Q: Some have argued that you have been brought in to help prepare a canonical structure for the SSPX should they reconcile. Is this based on the extensive work you did in helping to create the Anglican ordinariate?

DiNOIA: I don’t know; the Pope didn’t tell me why he chose me. I was involved in the ordinariate from the beginning. I was under secretary of the Congregation for the Doctrine of the Faith, involved in discussions that led to formation of the ordinariate, but I am not a canonist. I didn’t have a direct role in the composition of the constitution, but, yes, I have experience, perhaps of dialogue.

[…]

Q: How much is a perceived weakening of the dogma extra Ecclesiam nulla salus (no salvation outside the Church) a major part of the problem, as some traditionalists assert? Has today’s understanding of the dogma contradicted its earlier teaching?  [This is the religious liberty question and also the problem that, decades ago, Fr. Feeney got into (he was reconciled).]

DiNOIA: I don’t know if you can blame this on the Council so much as the emergence of a theological trend that emphasised the possibility of salvation of non-Christians. But the Church has always affirmed this, and it has never denied it. … [Karl] Rahner had a disastrous effect on this with his “anonymous Christianity.[Do I hear an “Amen!”?] But the Council does not alter the teaching of the Church.

Q: And yet they argue it does?

DiNOIA: This is a very good example of two of the things we’ve mentioned: the danger of reading this as it’s been read by Rahner, instead of in the light of the whole Tradition.

Q: They claim that salvation is hardly proclaimed anymore.

DiNOIA:Ralph Martin agrees with that. We do have a crisis, because the Church has been infected with the idea that we don’t have to worry or be anxious or we don’t sufficiently take the mandate to proclaim Christ seriously. But it’s not because of Vatican II, but bad theology. [So, not only would the SSPX help underscore continuity (see above) but they would also reintroduce a strong dose of clear catechesis, thus helping our Catholic identity in many ways.] That’s why Dominus Iesus was part of the response to all of that theology of religion. There is no question that the necessity of extra Ecclesiam nulla salus has a long history. But they were talking about heretics, not nonbelievers. That formula addresses the problems of heresies. It has its history.

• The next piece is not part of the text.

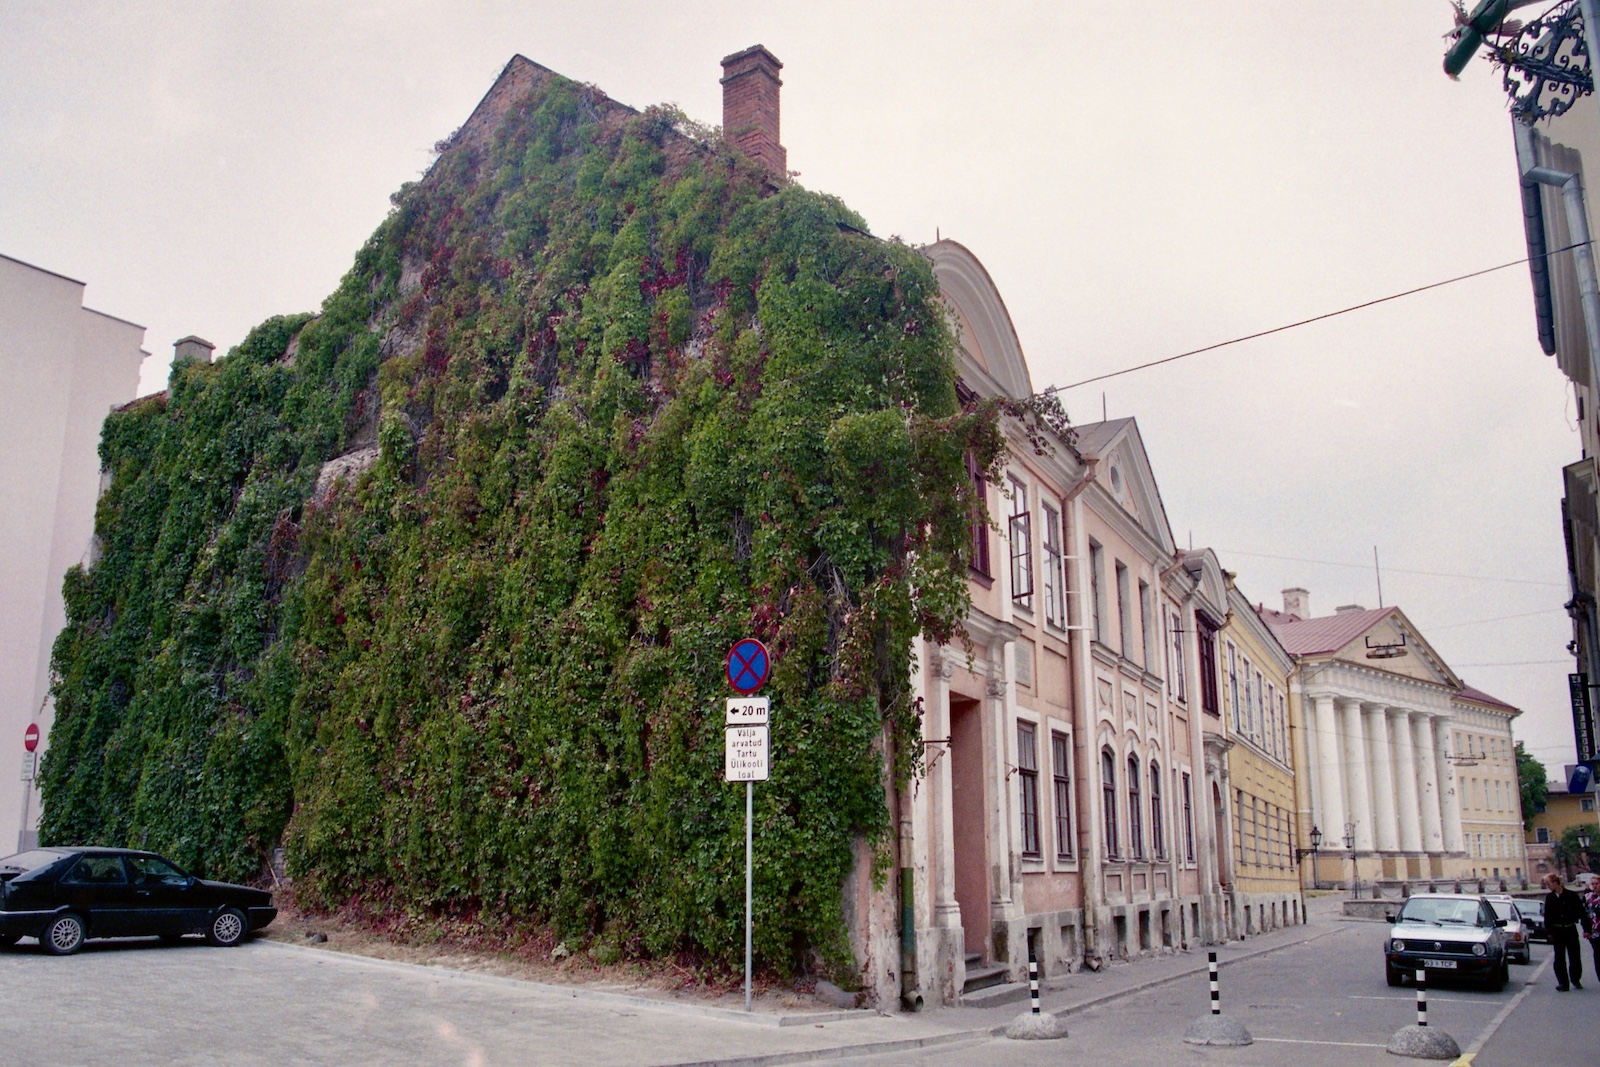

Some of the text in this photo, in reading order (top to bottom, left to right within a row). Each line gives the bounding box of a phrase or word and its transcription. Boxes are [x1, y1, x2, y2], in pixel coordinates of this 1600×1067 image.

[742, 706, 765, 715] 20 m
[731, 759, 763, 768] Ülikooli
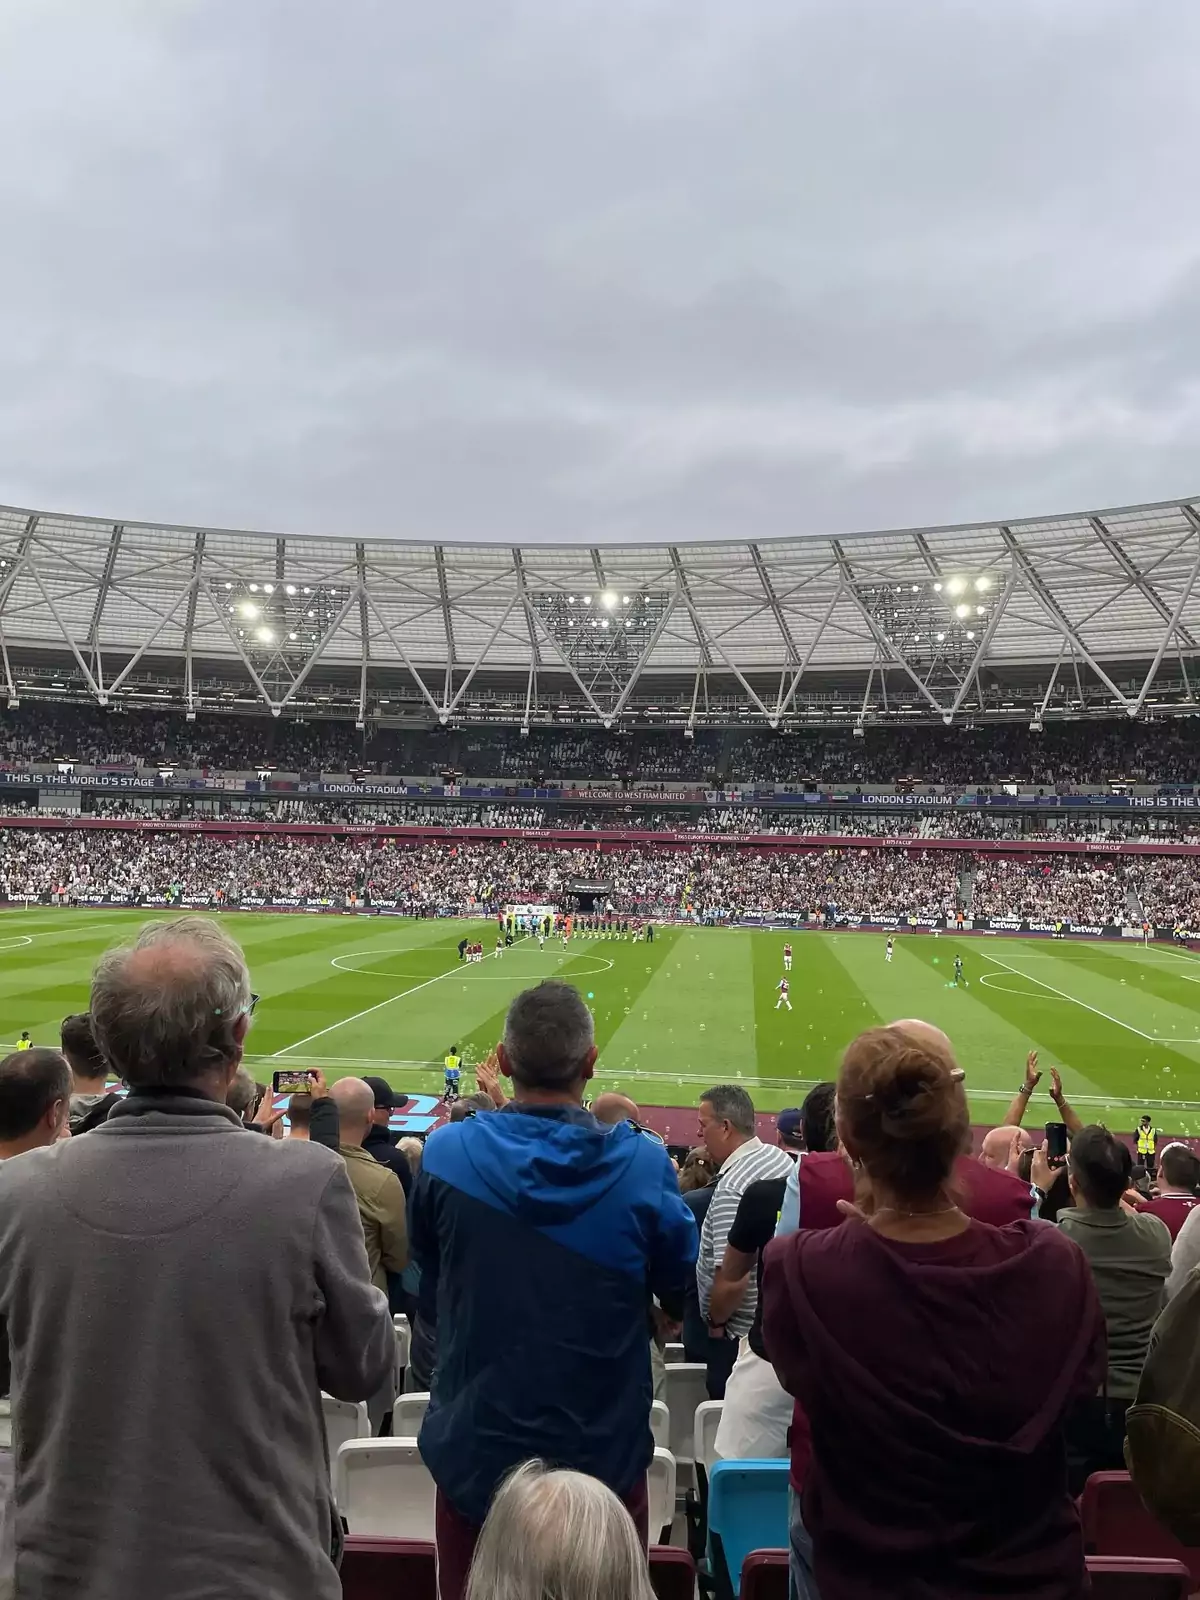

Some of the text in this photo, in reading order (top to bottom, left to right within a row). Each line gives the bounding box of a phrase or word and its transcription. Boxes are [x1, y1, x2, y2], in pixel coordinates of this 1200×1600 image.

The Council did say there are elements of grace in other religions, and I don’t think that should be retracted. I’ve seen them, I know them — I’ve met Lutherans and Anglicans who are saints.

Q: Some traditionalists say secular humanism frequently wins over dogmatic assertions in the modern Church. To give an example: The Holy Father has said he wouldn’t have lifted the excommunication on Bishop [Richard] Williamson had he known about his anti-Semitism. But while anti-Semitism is heinous, traditionalists say that such views aren’t a dogmatic position. And yet Catholic politicians can freely speak against the dogma and remain in full communion with the Church. [cf can 915!] What do you say to such an argument?

DiNOIA: That’s a trap. Edward Norman, in his very good book Secularization, says there’s no question that what he calls internal secularization, secular humanism, has definitely invaded parts of the Church. They [SSPX] are probably right about that, and I could give them a longer list of examples than they could probably make themselves.

However, to try and defend Williamson on this basis is disgusting and odious. Is a politician the same thing as a bishop? Give me a break. It’s garbage; it’s sophistry.  [Hmmm… sometimes the “Duck Argument” applies… but leave that go.]

Do they want a blanket excommunication of everyone who’s pro-choice? And yet here is a person, a bishop, who openly proclaims a position which the Church is desperately trying to suppress in the Church itself, which is anti-Semitism.

[Trads might perk up here a bit…] Q: In the CDF statement that accompanied your appointment, it said your experience “will facilitate the development of certain desired liturgical provisions” in the celebration of the 1962 Roman Missal, commonly known as the Tridentine rite. Could you explain this in more detail?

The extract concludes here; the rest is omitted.